▶ **PROVIDED RECORDS**
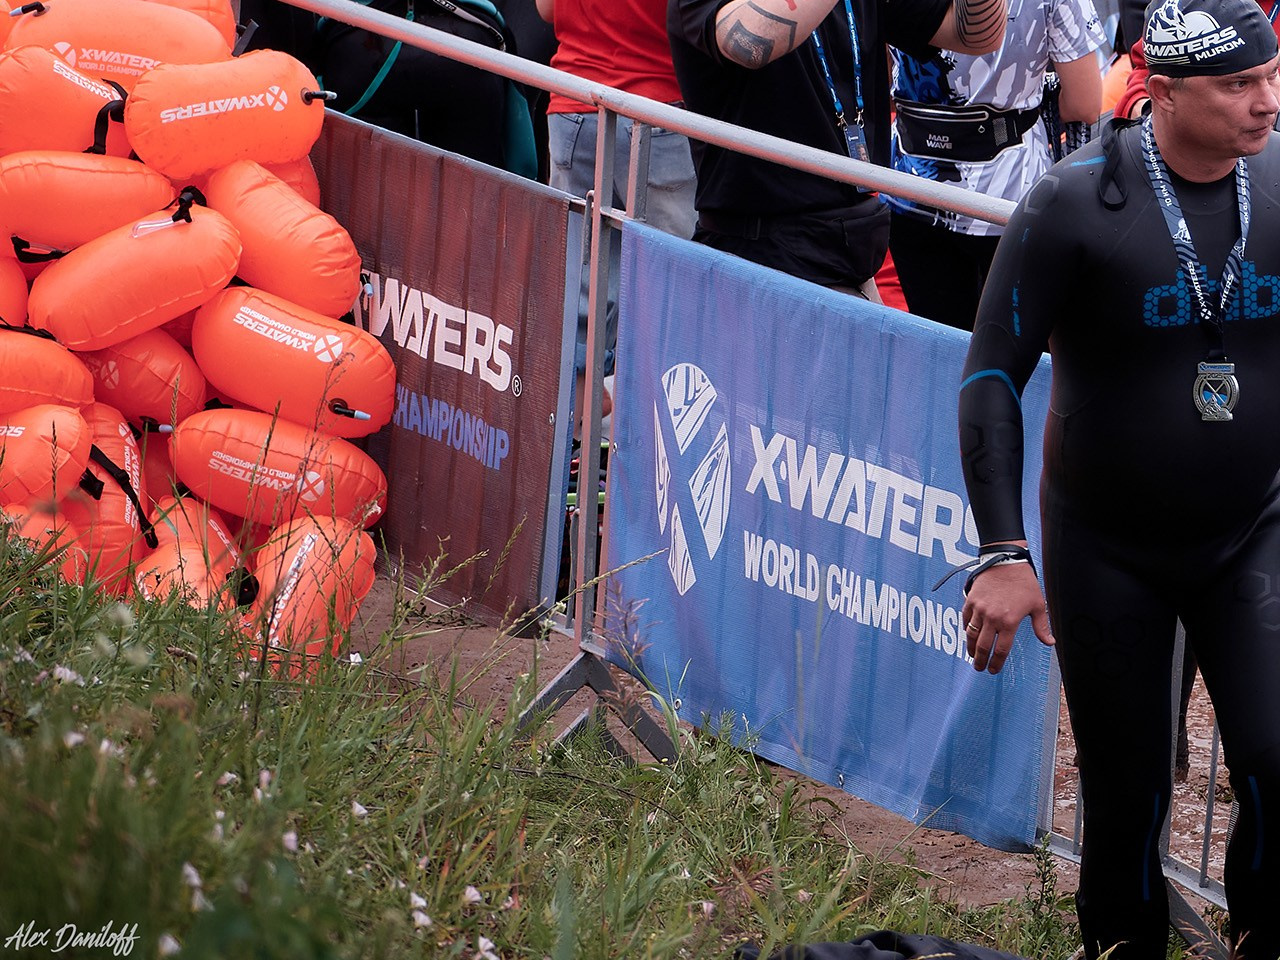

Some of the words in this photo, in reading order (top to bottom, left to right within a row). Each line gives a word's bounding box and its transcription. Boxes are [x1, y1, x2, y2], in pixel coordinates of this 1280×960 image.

[1194, 38, 1246, 61] MUROM
[926, 140, 952, 150] WAVE
[928, 133, 950, 143] MAD
[291, 324, 317, 341] WORLD
[393, 383, 511, 471] HAMPIONSHIP
[744, 529, 819, 603] WORLD
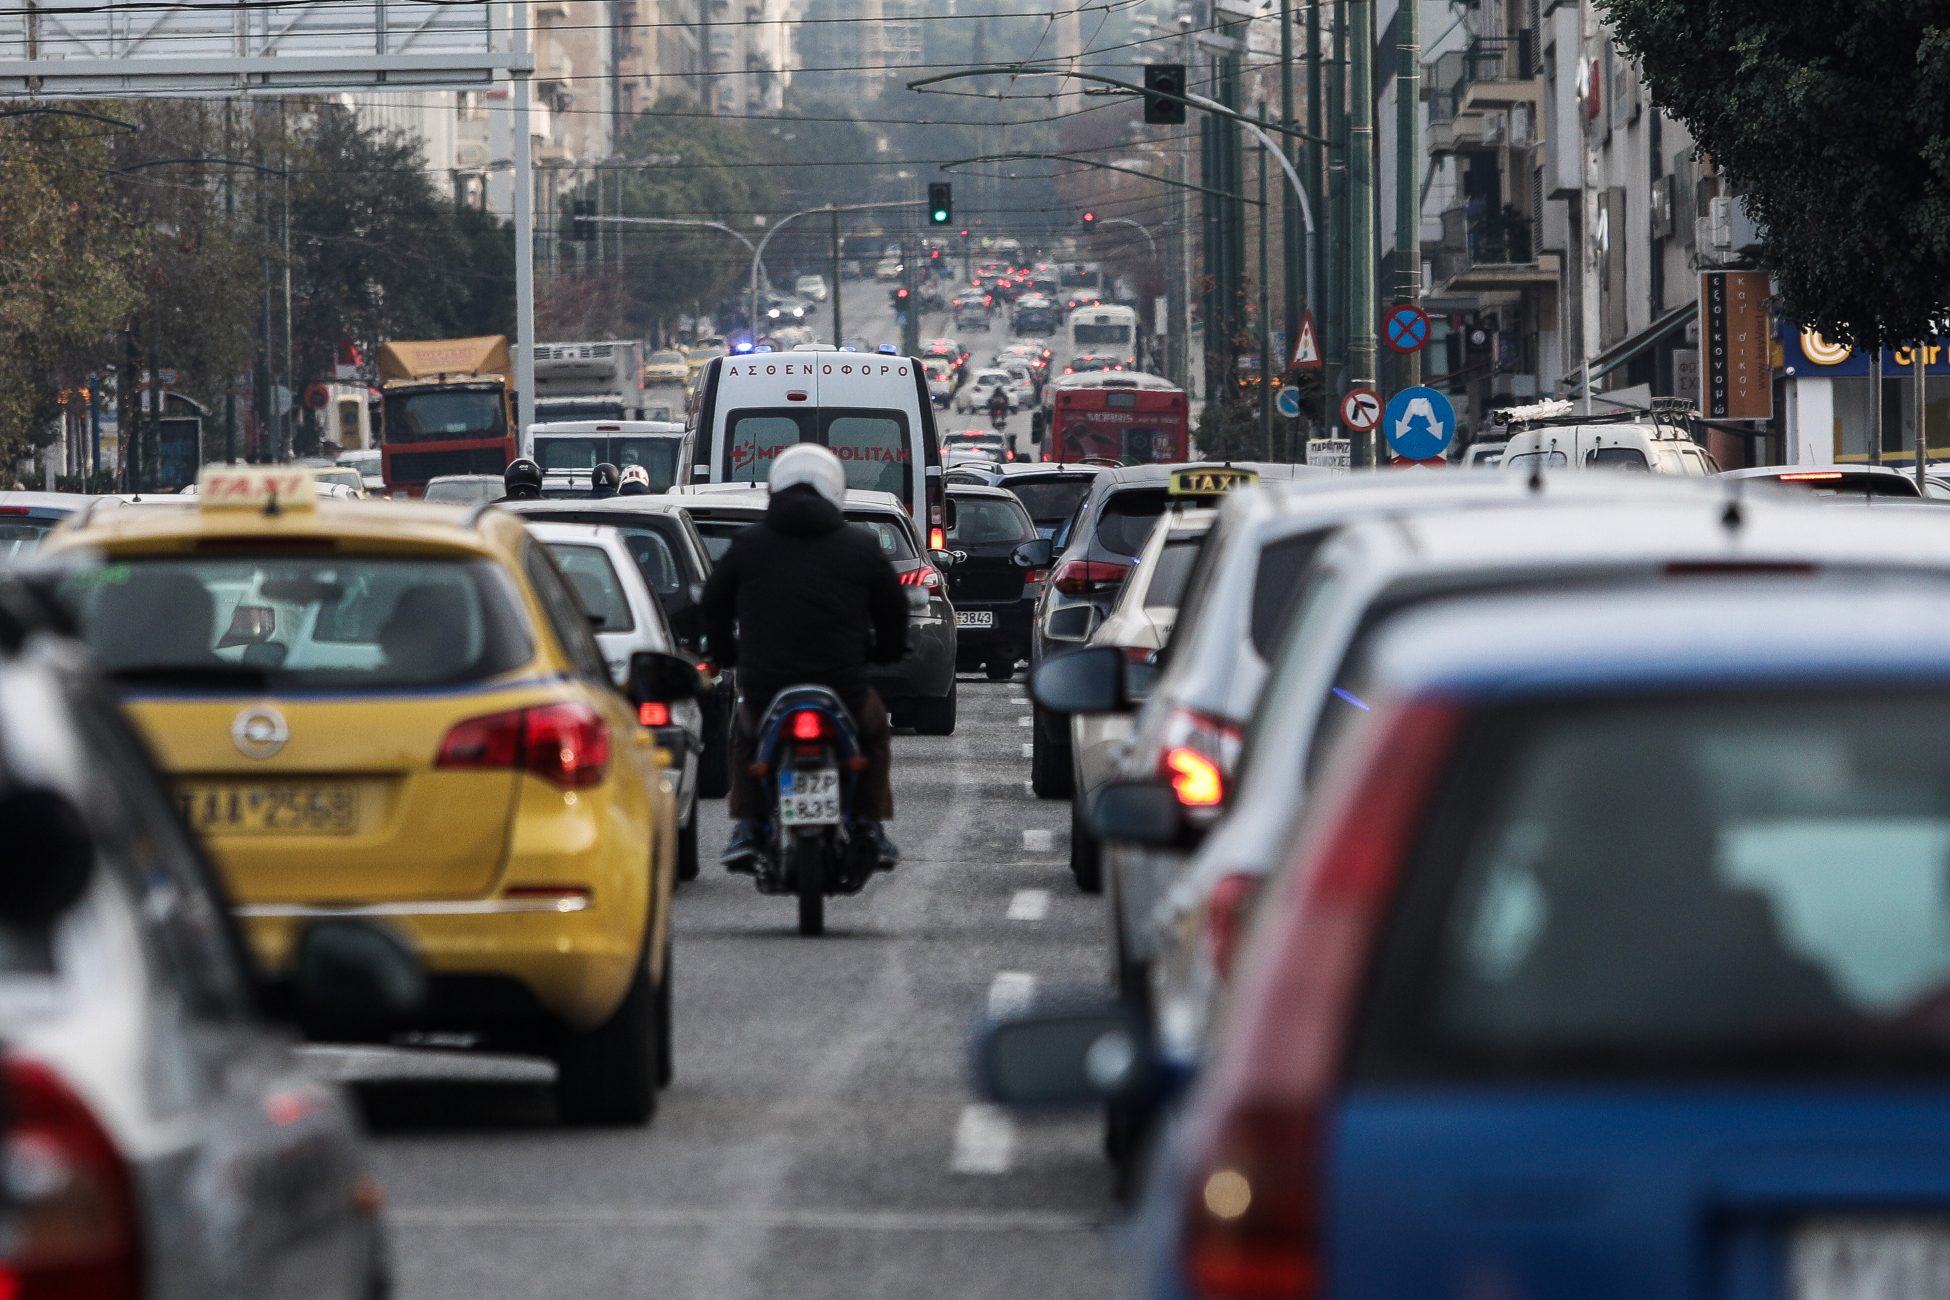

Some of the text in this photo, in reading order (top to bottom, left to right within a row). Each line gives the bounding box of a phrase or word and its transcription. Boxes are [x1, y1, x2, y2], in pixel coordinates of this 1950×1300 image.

[729, 364, 908, 377] ΑΣΘΕΝΟΦΟΡΟ
[757, 445, 910, 462] MEPOLITAN
[208, 476, 302, 497] TAXI
[1189, 475, 1240, 490] TAXI

▶ **EXERCISE BRIEF**
All entries are to be duplicated exactly, with the pictures left out.

▶ **REPLY TO THE TASK**
Some of the words in this photo, in reading order (top to bottom, left to right within a row). Each line gives a word's bounding box and its transcription. Boxes are [x1, y1, x2, y2], in pixel coordinates of this 1280×960 image.

[1194, 38, 1246, 61] MUROM
[926, 140, 952, 150] WAVE
[928, 133, 950, 143] MAD
[291, 324, 317, 341] WORLD
[393, 383, 511, 471] HAMPIONSHIP
[744, 529, 819, 603] WORLD

Some of the text in this photo, in reading order (top to bottom, left to right within a row). Each line gives the bounding box of a phrase or word and its transcription. Boxes are [x1, y1, x2, y2], in pixel coordinates of this 1950×1300 image.

[729, 364, 908, 377] ΑΣΘΕΝΟΦΟΡΟ
[757, 445, 910, 462] MEPOLITAN
[208, 476, 302, 497] TAXI
[1189, 475, 1240, 490] TAXI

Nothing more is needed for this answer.